=== Begin Enclosure ===
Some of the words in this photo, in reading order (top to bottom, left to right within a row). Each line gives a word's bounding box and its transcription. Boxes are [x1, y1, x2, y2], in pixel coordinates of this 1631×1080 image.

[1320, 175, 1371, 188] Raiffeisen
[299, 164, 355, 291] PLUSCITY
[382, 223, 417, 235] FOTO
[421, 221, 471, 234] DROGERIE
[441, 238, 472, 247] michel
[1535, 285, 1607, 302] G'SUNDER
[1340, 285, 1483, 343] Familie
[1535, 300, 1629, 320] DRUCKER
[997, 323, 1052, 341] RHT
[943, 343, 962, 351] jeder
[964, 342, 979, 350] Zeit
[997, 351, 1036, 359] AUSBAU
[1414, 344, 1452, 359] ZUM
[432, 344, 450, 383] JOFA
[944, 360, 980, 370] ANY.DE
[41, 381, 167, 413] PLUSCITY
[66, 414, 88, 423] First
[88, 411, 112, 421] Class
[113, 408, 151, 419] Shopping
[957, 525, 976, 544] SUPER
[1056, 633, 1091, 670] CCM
=== End Enclosure ===
**EXERCISE GOAL**
Every record needs to be written out again, exactly as it was given.

**ANSWER TO THIS PROBLEM**
Some of the words in this photo, in reading order (top to bottom, left to right within a row). Each line gives a word's bounding box and its transcription. Boxes are [x1, y1, x2, y2], in pixel coordinates of this 1631×1080 image.

[1320, 175, 1371, 188] Raiffeisen
[299, 164, 355, 291] PLUSCITY
[382, 223, 417, 235] FOTO
[421, 221, 471, 234] DROGERIE
[441, 238, 472, 247] michel
[1535, 285, 1607, 302] G'SUNDER
[1340, 285, 1483, 343] Familie
[1535, 300, 1629, 320] DRUCKER
[997, 323, 1052, 341] RHT
[943, 343, 962, 351] jeder
[964, 342, 979, 350] Zeit
[997, 351, 1036, 359] AUSBAU
[1414, 344, 1452, 359] ZUM
[432, 344, 450, 383] JOFA
[944, 360, 980, 370] ANY.DE
[41, 381, 167, 413] PLUSCITY
[66, 414, 88, 423] First
[88, 411, 112, 421] Class
[113, 408, 151, 419] Shopping
[957, 525, 976, 544] SUPER
[1056, 633, 1091, 670] CCM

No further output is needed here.